A l’approche du Noël, les paysages enneigés deviennent omniprésents
– dans les médias en tout cas. Impossible de passer une soirée devant la télé
sans être submergé par des pubs qui dépeignent des décors blancs de plus en en
plus idylliques, impossible de feuilleter un magazine sans être confronté à des
photos de montagnes ou de vallées couverts de neige, et impossible bien entendu
de faire des courses sans entendre une chanson qui évoque les mêmes images. Les
paysages enneigés peuvent cependant avoir une toute autre dimension, et une
toute autre force sur le spectateur.
Le poète belge Christian Dotremont a découvert les paysages de la
Laponie hivernale dans les années 50. Ce fût un déclic dès la première
rencontre, une extase, un ravissement. Il y est revenu onze fois, toujours par
le même chemin qui passait par Copenhague, remontait à travers la Suède à
Haparanda, traversait ensuite la frontière finlandaise et s’enfonçait dans la
Laponie profonde, vers des villages lointains habités par des Sami et des
Finlandais du nord.
Le voyage était pour lui une excursion vers les limites du sens.

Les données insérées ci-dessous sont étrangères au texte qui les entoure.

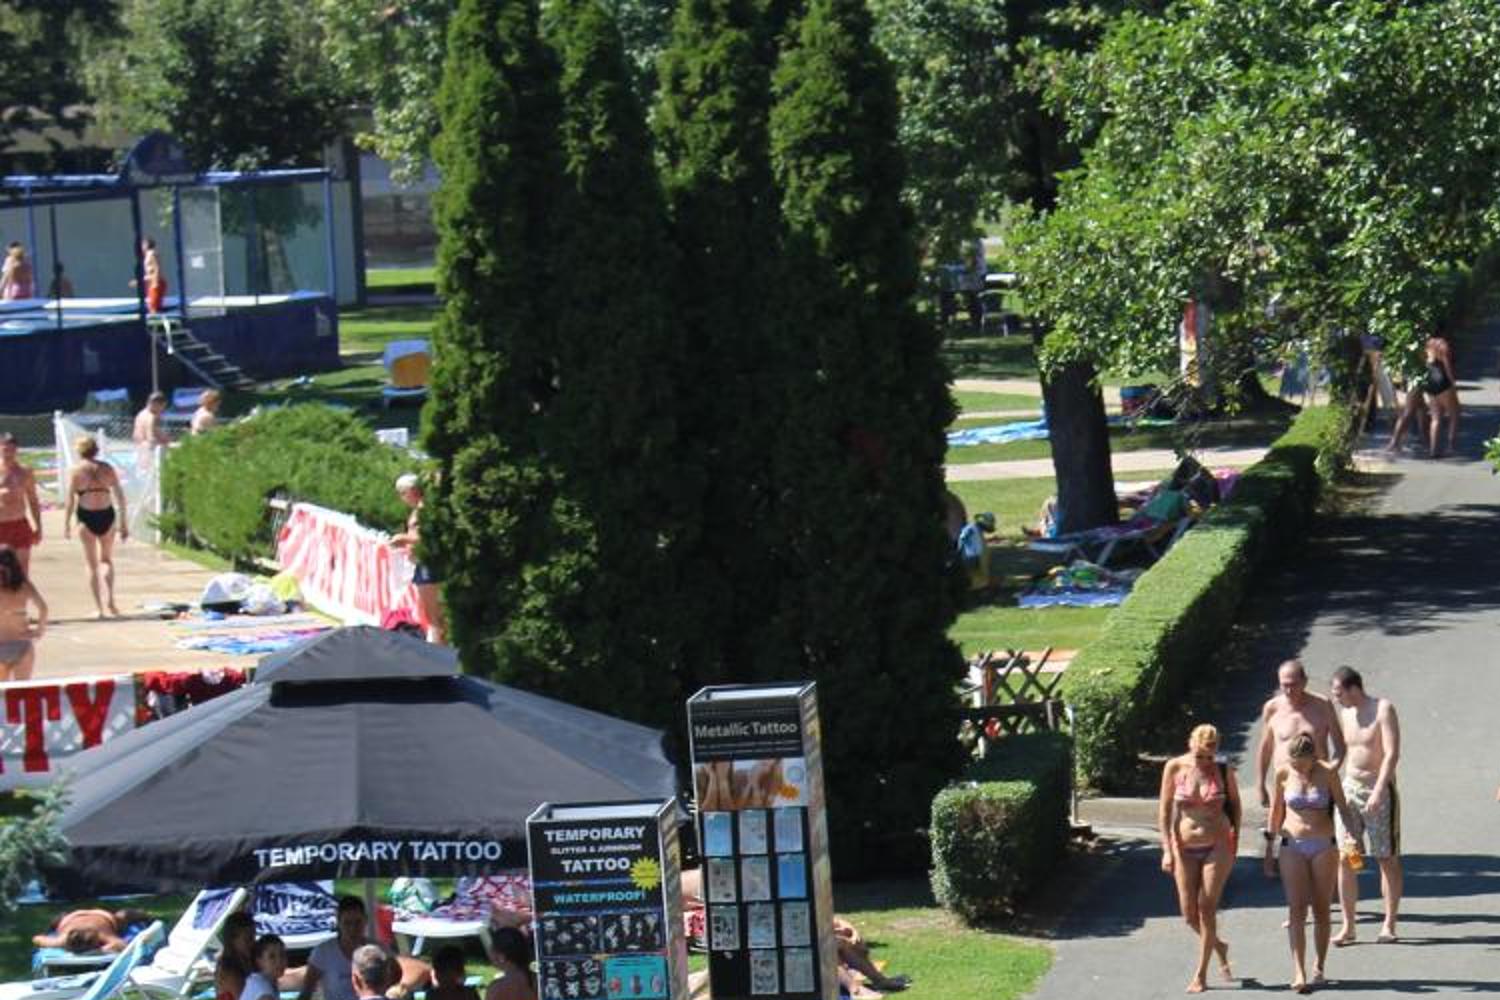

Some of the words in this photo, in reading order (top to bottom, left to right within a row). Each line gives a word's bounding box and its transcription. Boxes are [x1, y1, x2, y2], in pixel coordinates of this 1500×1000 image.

[695, 721, 749, 737] Metallic
[750, 721, 798, 736] Tattoo
[544, 826, 646, 842] TEMPORARY
[253, 841, 402, 867] TEMPORARY
[409, 841, 501, 861] TATTOO
[561, 857, 631, 873] TATTOO
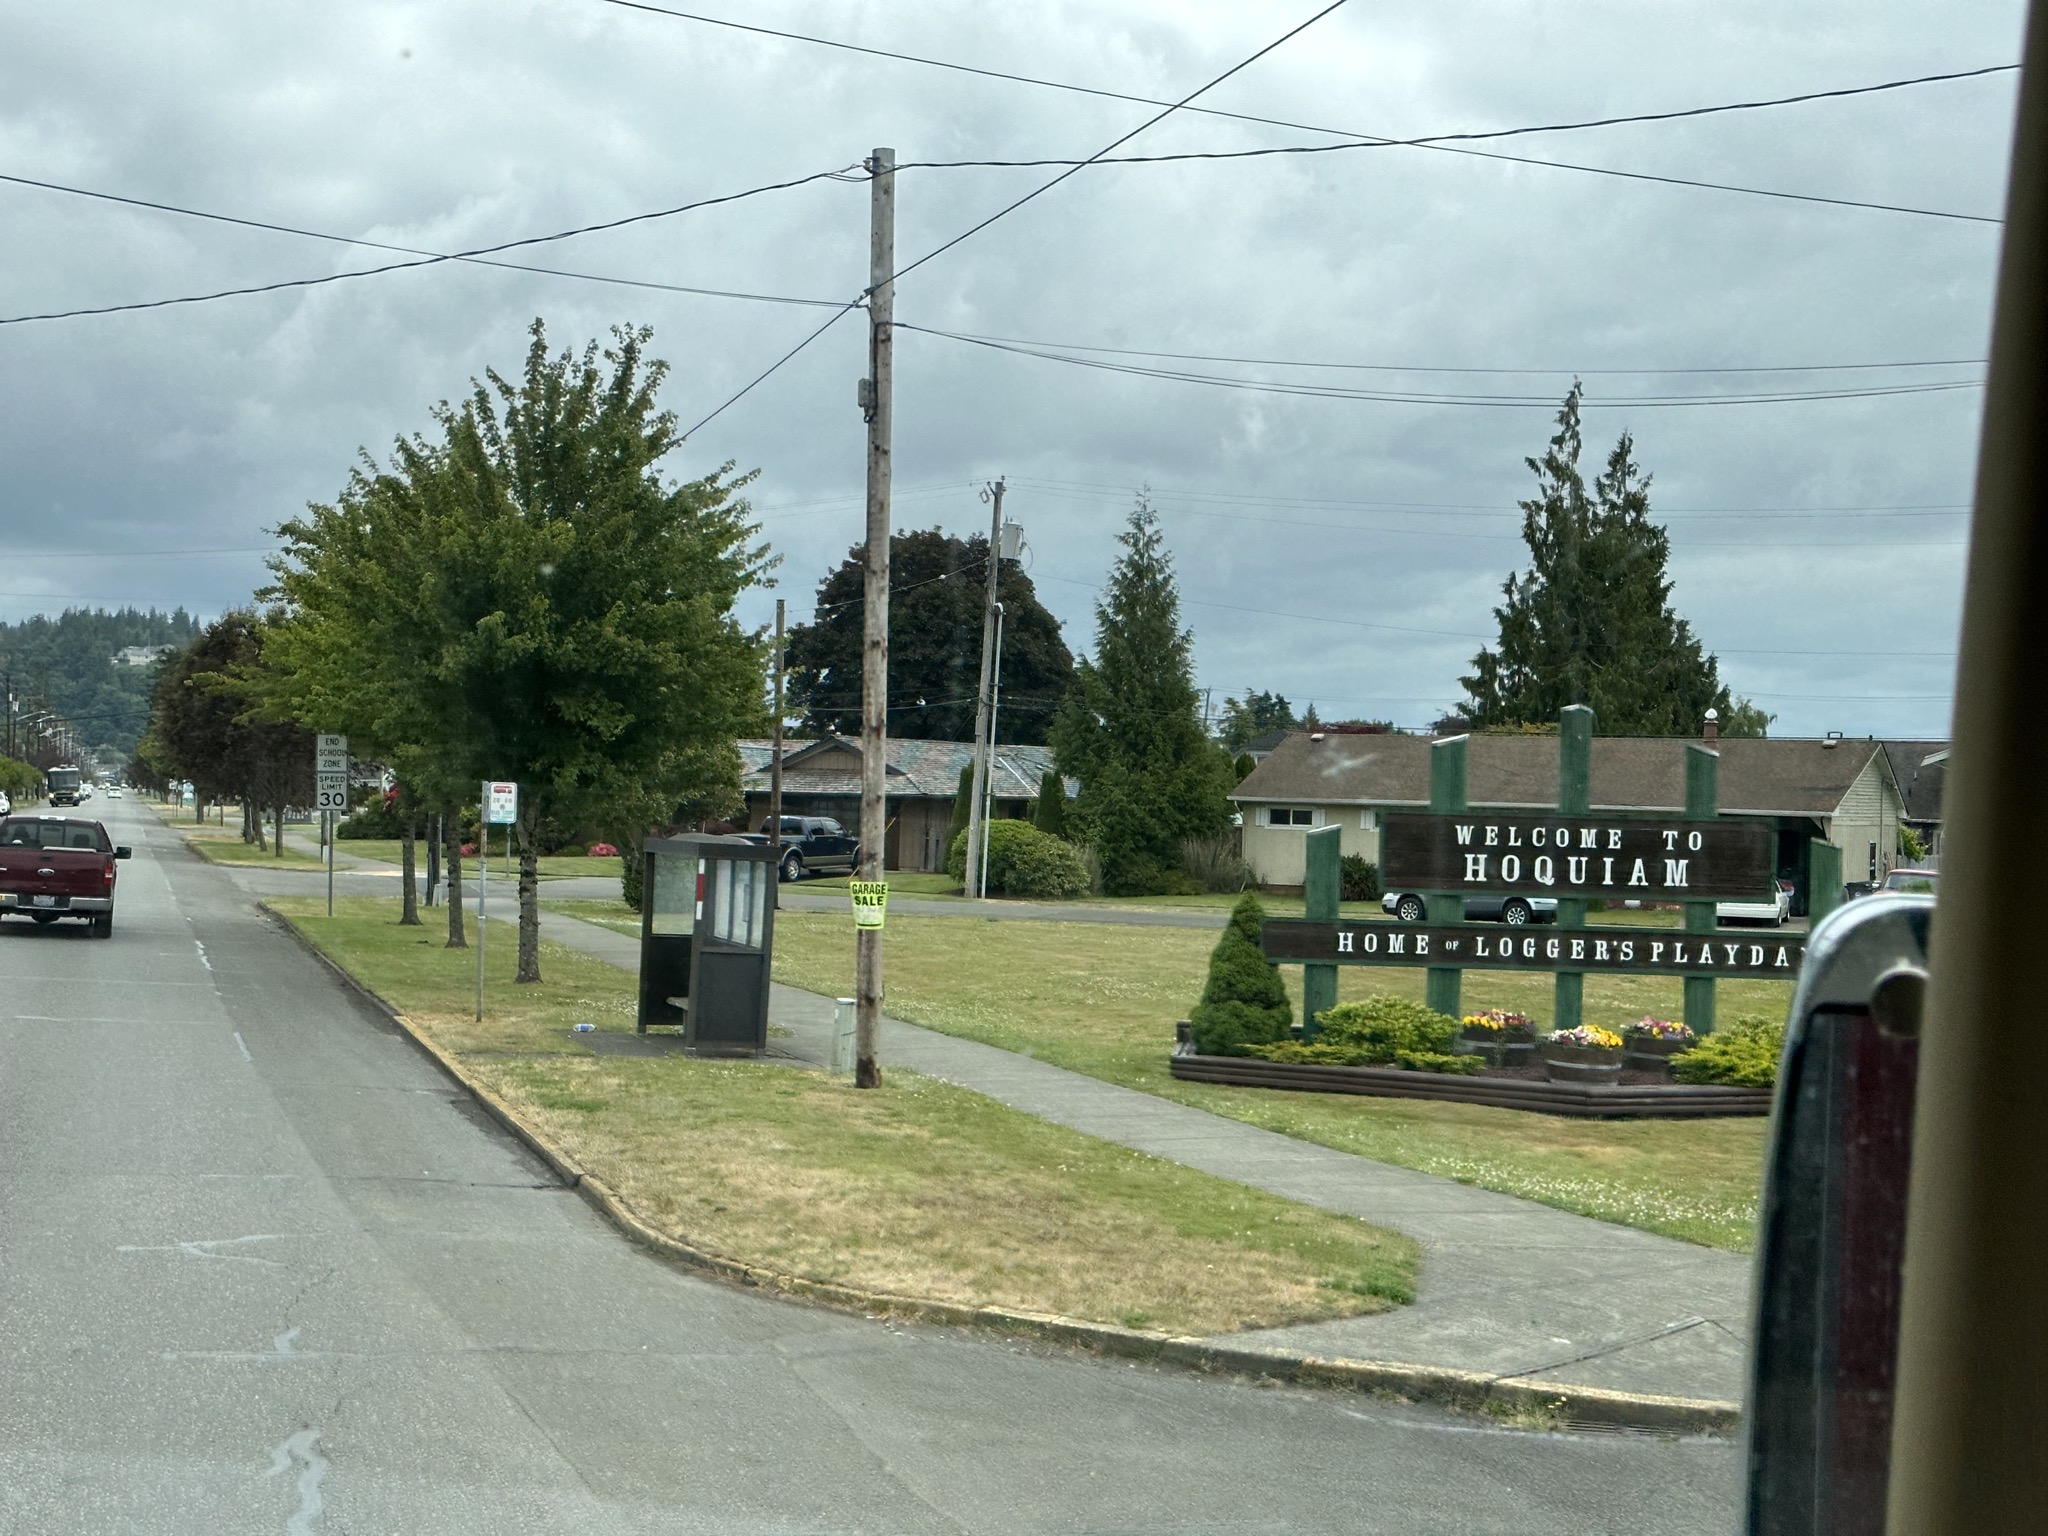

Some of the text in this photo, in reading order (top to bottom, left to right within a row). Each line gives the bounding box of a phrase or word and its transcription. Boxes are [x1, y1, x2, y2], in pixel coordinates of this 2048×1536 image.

Le paysage couvert de neige était une sorte d’abstraction naturelle où les
variations minuscules – un petit arbre qui sort à peine de la neige, une trace d’animal
presque effacée par le vent, le reflet bleuâtre de l’ombre d’un nuage –
restaient sous le seuil de signification, dans un frémissement entre le sens et
son absence. Les paysages du sud par contre étaient toujours porteurs de
l’histoire et donc chargés de valeurs et de symboles, pleins, trop pleins pour
Dotremont qui voulait respirer de l’air frais. L’expérience de l’espace et de
la vie dans le nord donna ensuite la naissance aux « logogrammes »,
poèmes visuels qui célèbrent l’espace blanc du papier et le geste créatif du
poète qui se libère dans l’écriture.
Une expérience similaire est au cœur du Brut d’absolu – Islande, un ouvrage photographique de Stanislas
Jung qui vient de sortir chez Tiret du six à Évreux. Il résulte d’un voyage aux
limites – de la nature habitable à l’homme, des paysages reconnaissables, du
monde cartographié, et du corps et de la psyché aussi. Sans commentaire, à
travers les images uniquement, l’ouvrage raconte une excursion dans un paysage
de glaciers, de lave et d’eau, dans un espace d’abstraction brutale et
libératrice. Parler de l’absence de l’homme dans ces paysages magnifiques et
terribles à la fois est insuffisant ; ce serait penser d’abord à sa
présence, idée qui s’avère de plus en plus impertinente au fur et à mesure
qu’on feuillette l’ouvrage. N’existe que la terre dans la richesse de sa nudité,
sans l’homme et sans la culture.
Le chemin est long entre l’Islande ou la Laponie et les
supermarchés de l’Europe occidentale. Rappelons-nous, dans cette période
annuelle de consommation effrénée, les vertus du paysage nordique enneigé qui
n’apparaissent pas dans les images d’Épinal des médias, et qui sont, parmi
d’autres, la sobriété, la simplicité, et la liberté.
Harri Veivo
L’auteur est professeur au Département d’études nordiques de
l’Université de Caen Normandie.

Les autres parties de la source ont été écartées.